Yazarla tanışmam, her defasında yinelediğim gibi sevgili Leylak Dalı sayesinde oldu. Blog paylaşımından etkilenip ben de 'Kapı' romanını alıp okumuştum. Buradan 'Kapı' kitabıyla ilgili yorumuma ulaşabilirsiniz. Çok etkileyici bulduğum için de zamanla başka kitaplarını da edinip okuyorum.
İkinci olarak 'Katalin Sokağı'nı okudum. Kitapla ilgili paylaşımıma göz atmak isterseniz şuraya lütfen:)
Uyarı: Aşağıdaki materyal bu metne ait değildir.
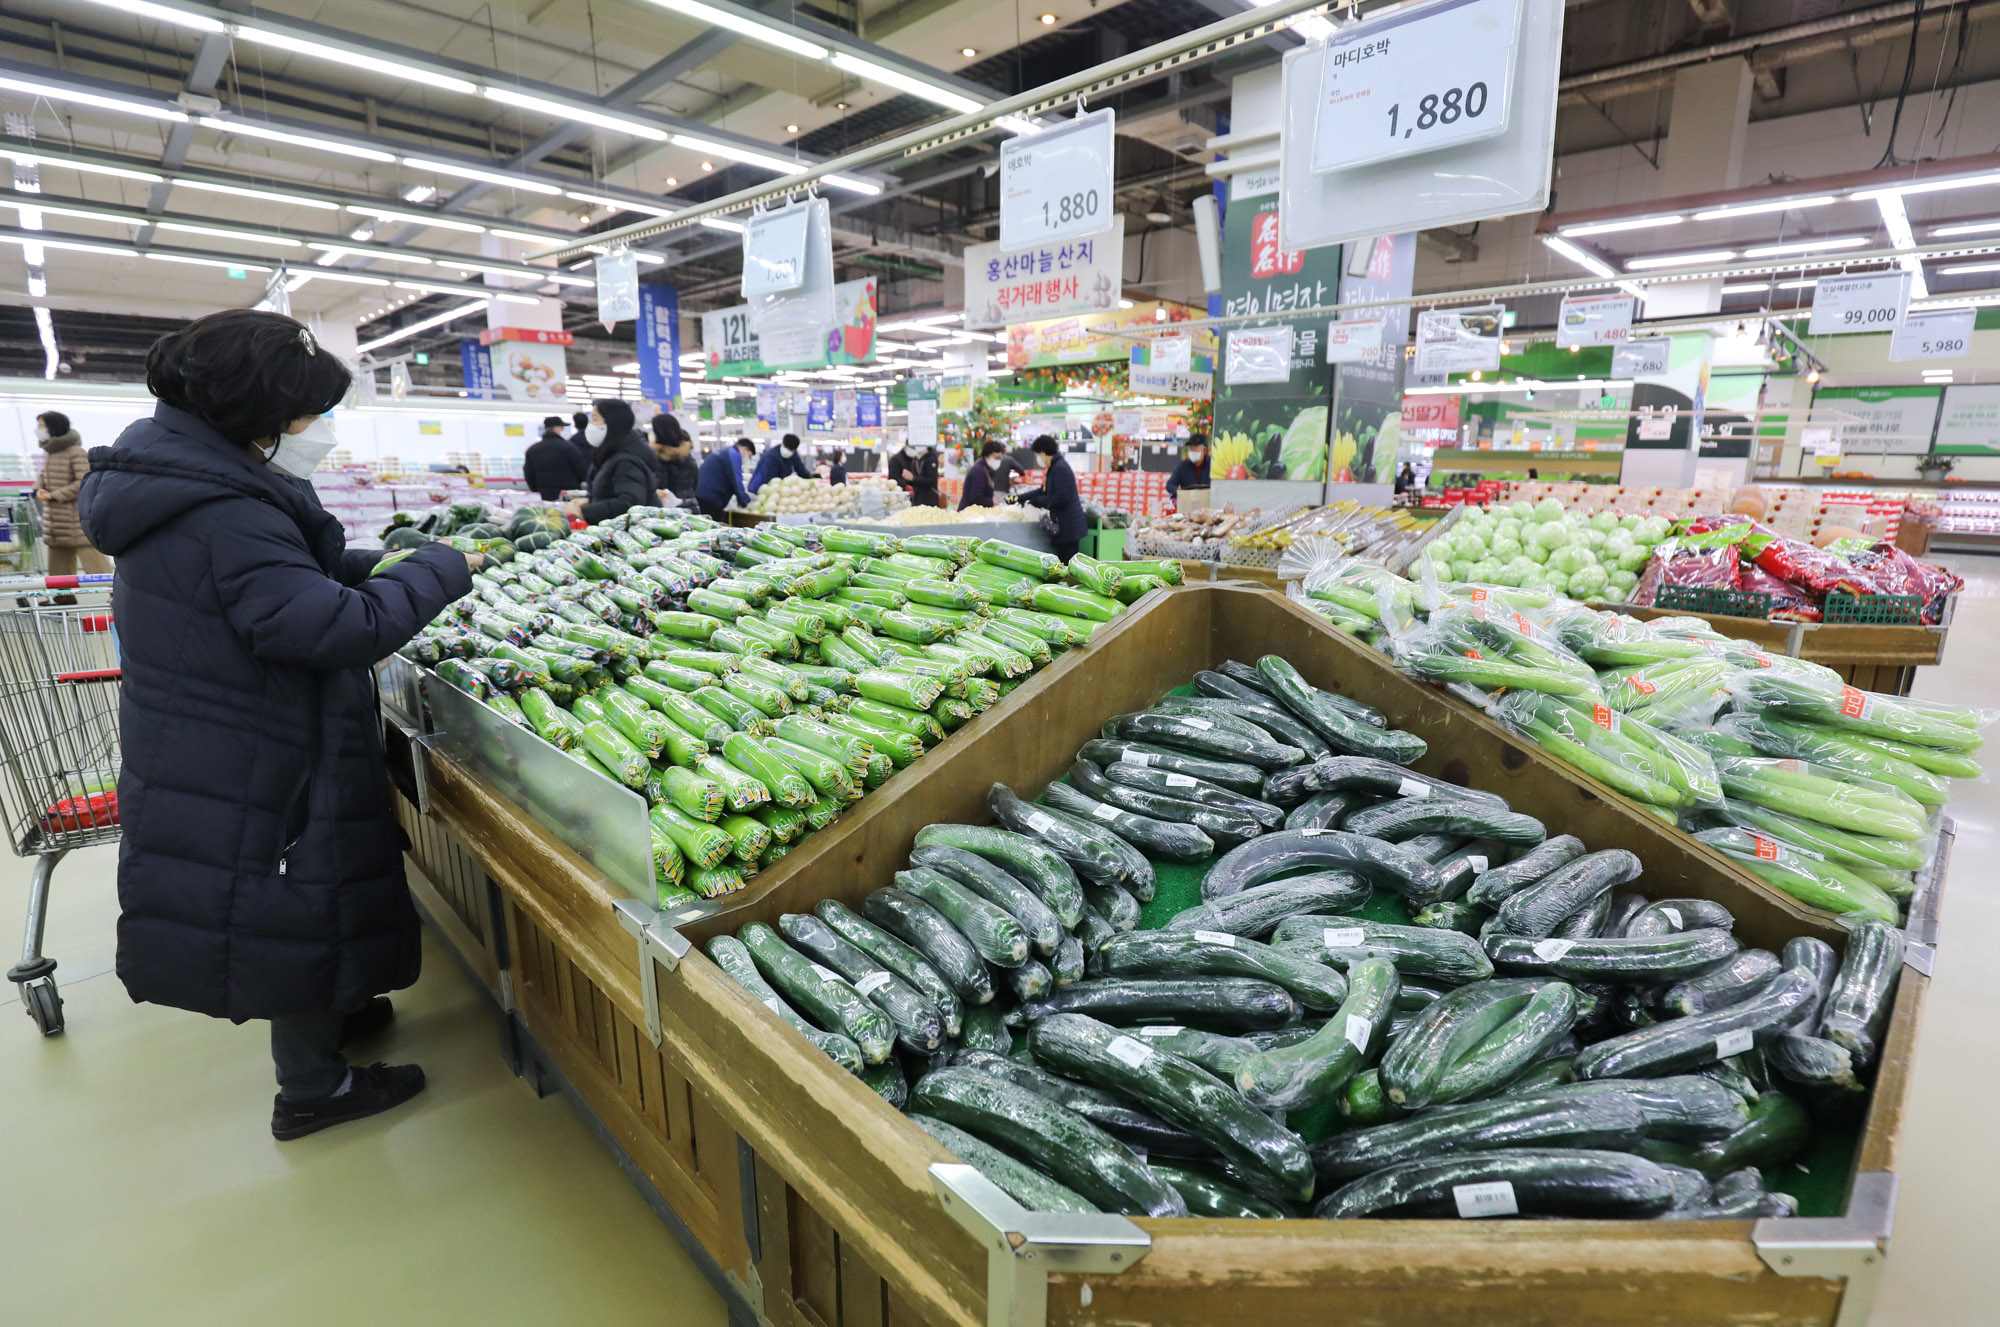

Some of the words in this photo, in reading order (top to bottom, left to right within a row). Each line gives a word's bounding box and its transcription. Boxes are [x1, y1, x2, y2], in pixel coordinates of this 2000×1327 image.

Magda Szabo okumaya devam... Sevgili Leylak Dalı özellikle Iza'nın Şarkısı kitabını öneriyor ancak kitabın baskısı tükenmiş olduğu için ikinci elini bulduğum an alacağım:)
Yavru Ceylan bir anti kahramanın ağzından yazılmış. Eszter'in iç dünyasını sanki mercek altına almışınız hissi uyandırıyor okurken. Eszter'in takıntısının tek hedefi haline gelmiş olan Angela ile olan alıp veremediği duygularını, içinde besleyip büyüttüğü nefret duygusunu, çocukluğunu daha doğrusu yaşayamadığı çocukluğunu, ailesini belki biraz da ailesinin kendi olma çabaları içindeki bencilliklerini, yoksulluğu, ülkesinin içinde bulunduğu savaş zamanlarını gibi konuları işliyor. Dahası var azı yok:)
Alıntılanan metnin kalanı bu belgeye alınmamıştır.